Assinado no último dia de 2025 e com previsão de vigorar até 2055, o contrato que ampliava por mais 30 anos a concessão de água e esgoto em Nova Xavantina acabou barrado antes de produzir efeitos. O Tribunal de Contas de Mato Grosso determinou a suspensão imediata do aditivo firmado pela Prefeitura com a empresa SETAE, ao identificar indícios de falhas no processo e risco de prejuízo aos cofres públicos.
O caso envolve o 1º Termo Aditivo ao Contrato nº 093/2002, que antecipou a prorrogação da concessão mesmo com o vínculo original ainda vigente até 2032. A decisão foi tomada pelo conselheiro Guilherme Antonio Maluf, após denúncia formalizada na Ouvidoria do Tribunal.
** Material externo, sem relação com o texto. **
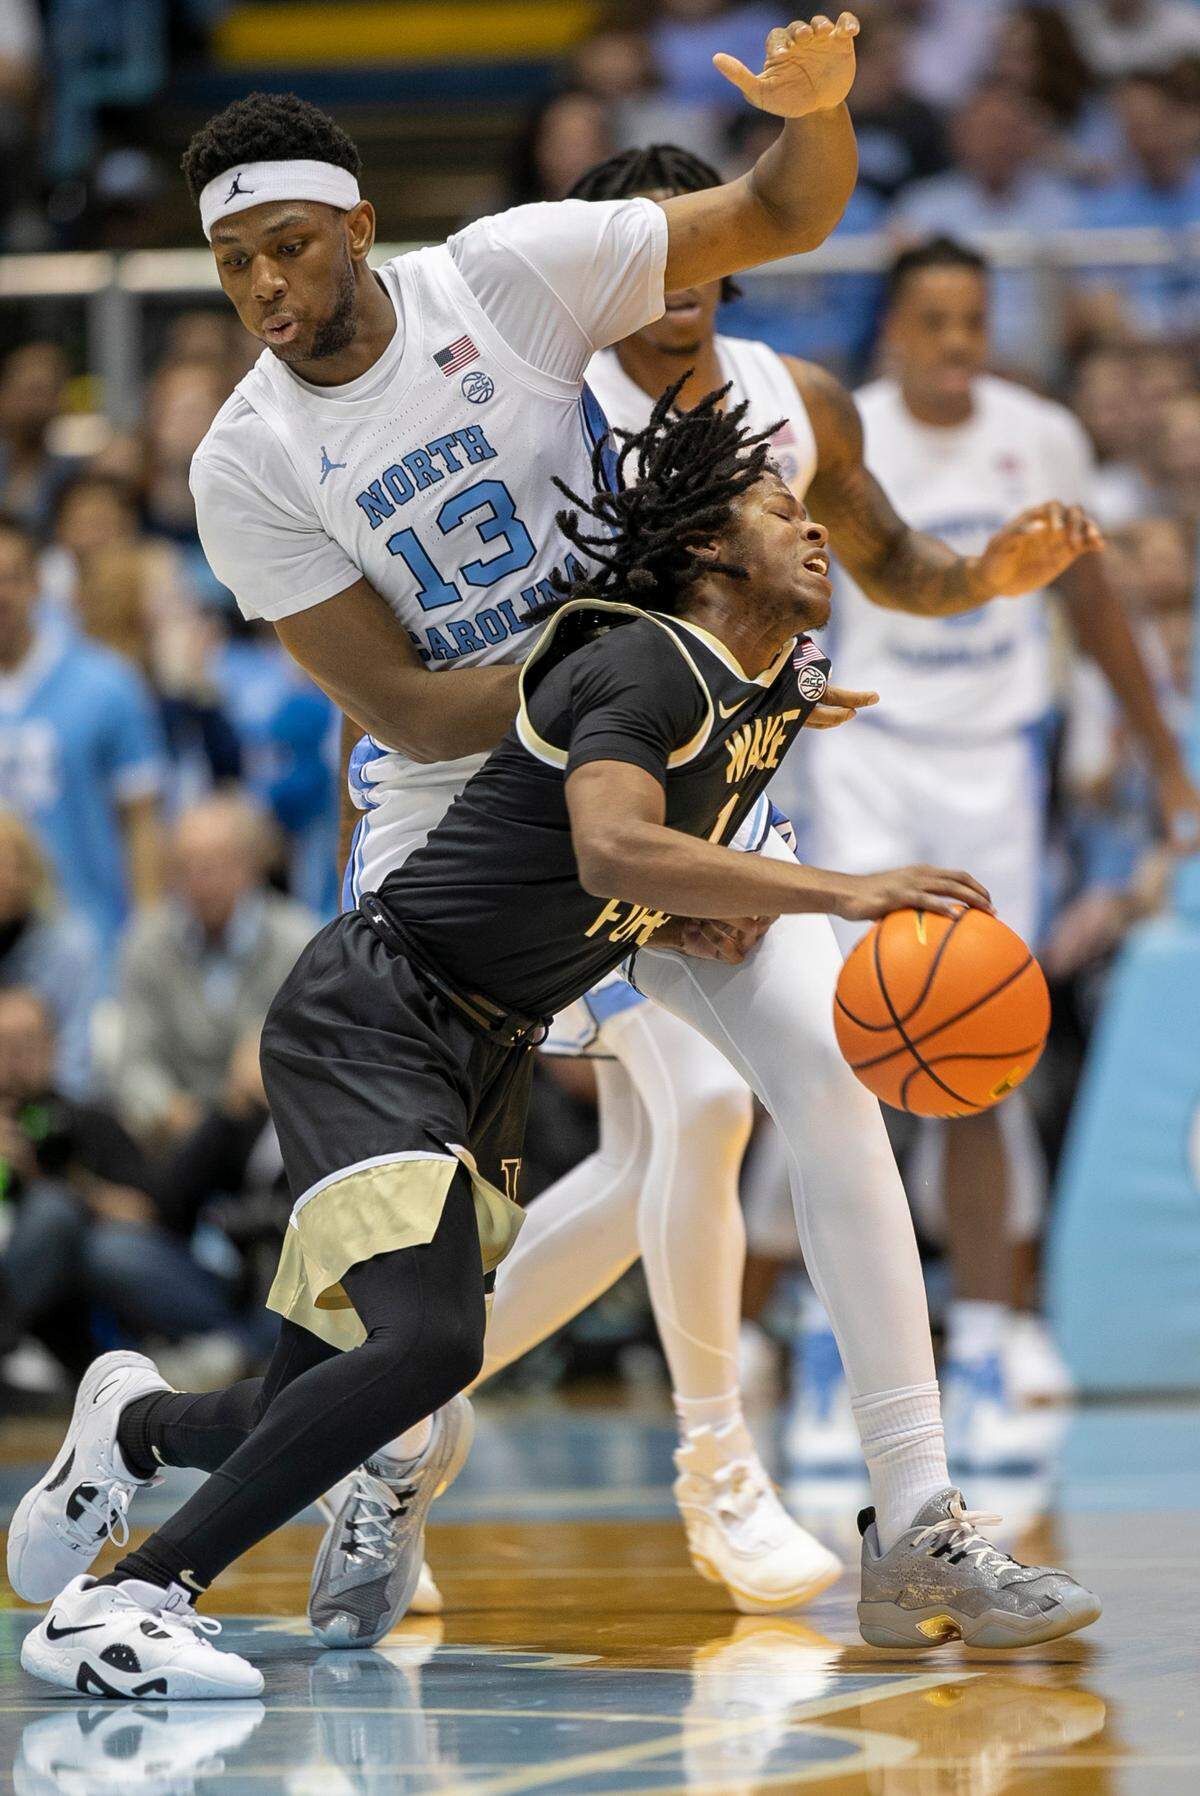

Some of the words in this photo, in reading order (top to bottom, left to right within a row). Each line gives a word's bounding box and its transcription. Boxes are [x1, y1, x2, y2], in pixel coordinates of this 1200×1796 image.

[467, 375, 490, 395] ACC
[356, 424, 498, 530] NORTH
[386, 479, 538, 612] 13
[802, 677, 824, 687] ACC
[724, 709, 800, 783] WAKE
Na análise técnica, o TCE apontou uma sequência de problemas no procedimento que levou à renovação. Entre eles, a ausência de consulta pública, considerada etapa obrigatória no setor de saneamento, além da falta de participação da Câmara Municipal no processo decisório.
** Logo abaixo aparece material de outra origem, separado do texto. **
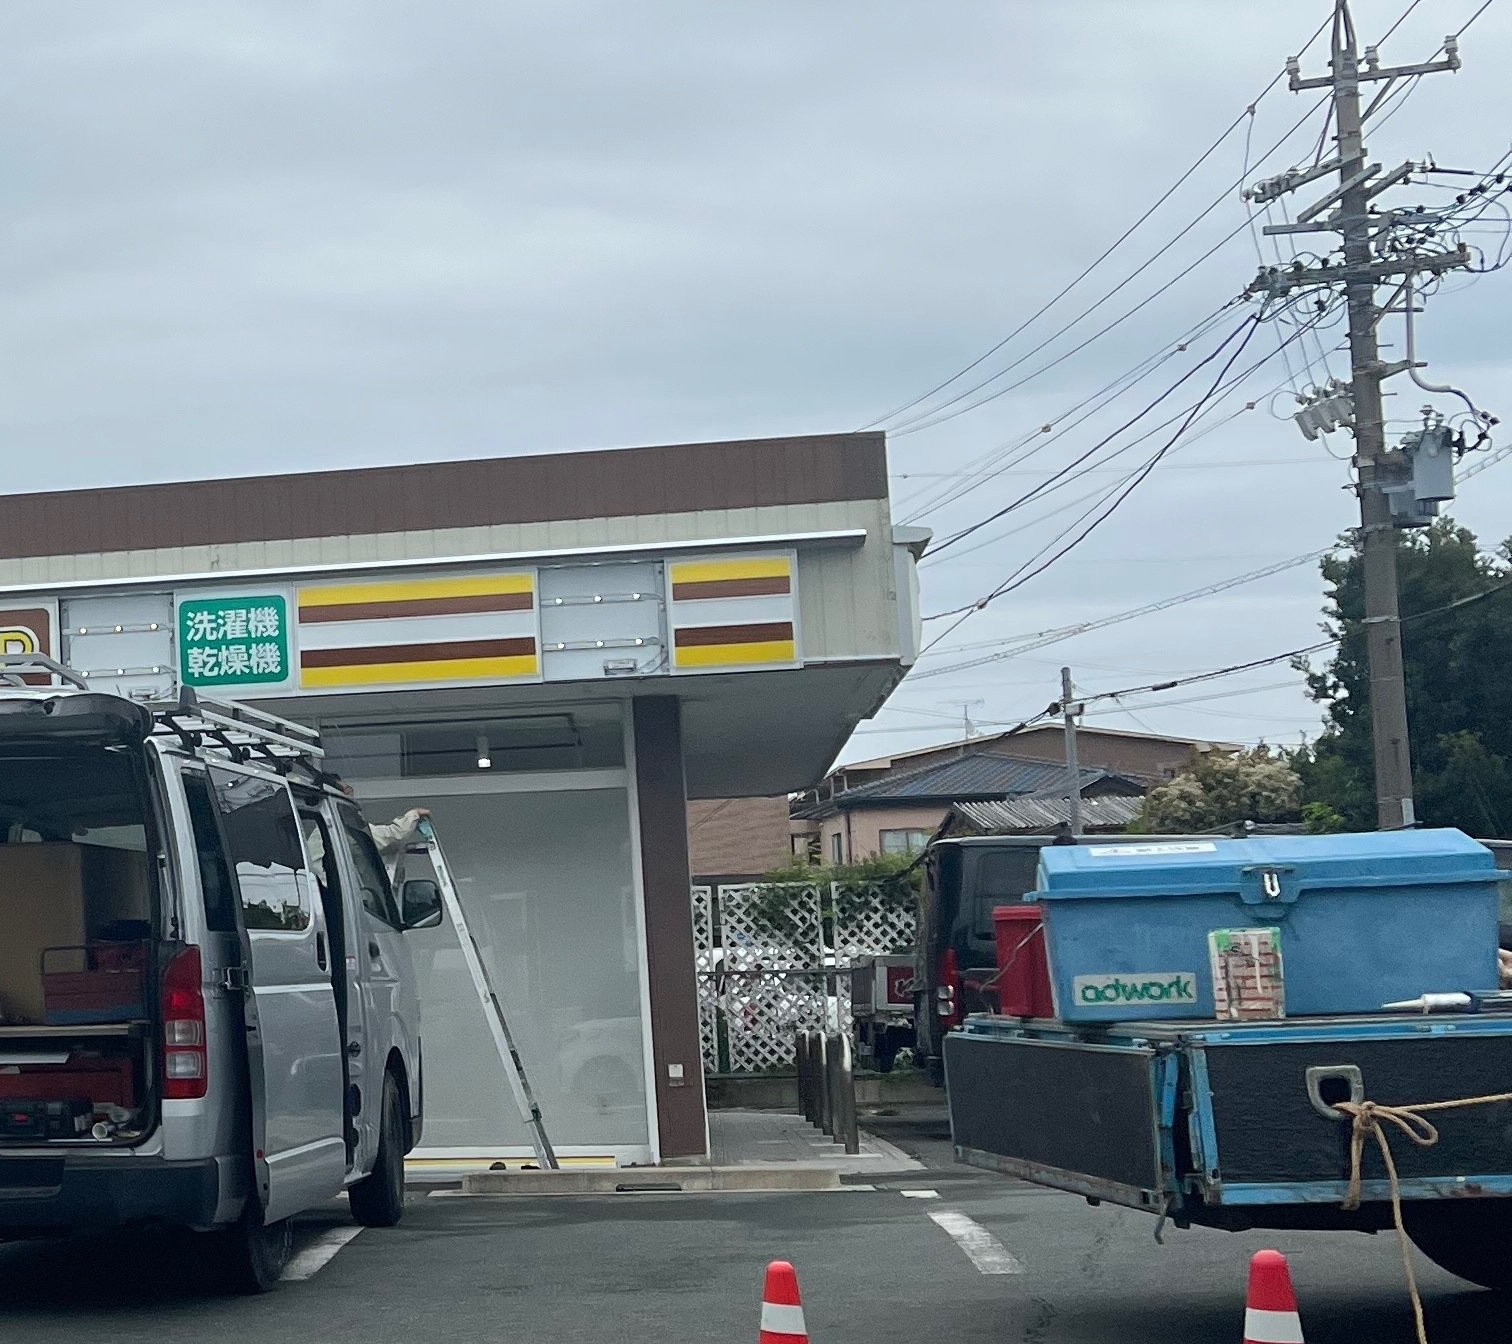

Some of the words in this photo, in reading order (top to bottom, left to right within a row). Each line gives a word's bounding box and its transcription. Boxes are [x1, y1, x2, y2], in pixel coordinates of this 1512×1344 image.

Também foram identificadas inconsistências na atuação do Conselho Municipal de Saneamento Básico, que teve papel central na deliberação, e ausência de estudos técnicos robustos que comprovassem a vantagem econômica da prorrogação antecipada.
Para o relator, a extensão do contrato sem esse conjunto de garantias compromete princípios básicos da administração pública, como transparência, motivação e controle social. A decisão destaca que não há demonstração clara de que o novo modelo contratual seja mais vantajoso ao município.
Outro ponto que pesou foi o contexto da assinatura do aditivo. A formalização em 31 de dezembro levantou dúvidas sobre a regularidade das etapas administrativas, especialmente em um contrato de longa duração e impacto estrutural.
O Tribunal também avaliou que manter o aditivo em vigor poderia consolidar, desde já, um novo cenário contratual por três décadas, com efeitos diretos sobre tarifas, investimentos e a possibilidade de concorrência futura. Esse risco foi considerado suficiente para justificar a medida urgente.
Apesar disso, o TCE deixou claro que não há ameaça à continuidade do serviço. O contrato original segue válido até 2032, o que garante o abastecimento de água e o sistema de esgoto no município.
Com a decisão, a Prefeitura está proibida de executar qualquer medida baseada na prorrogação até nova análise do Tribunal. O descumprimento pode gerar multa diária.
O processo ainda será analisado no mérito, quando o TCE vai decidir, de forma definitiva, sobre a validade do aditivo.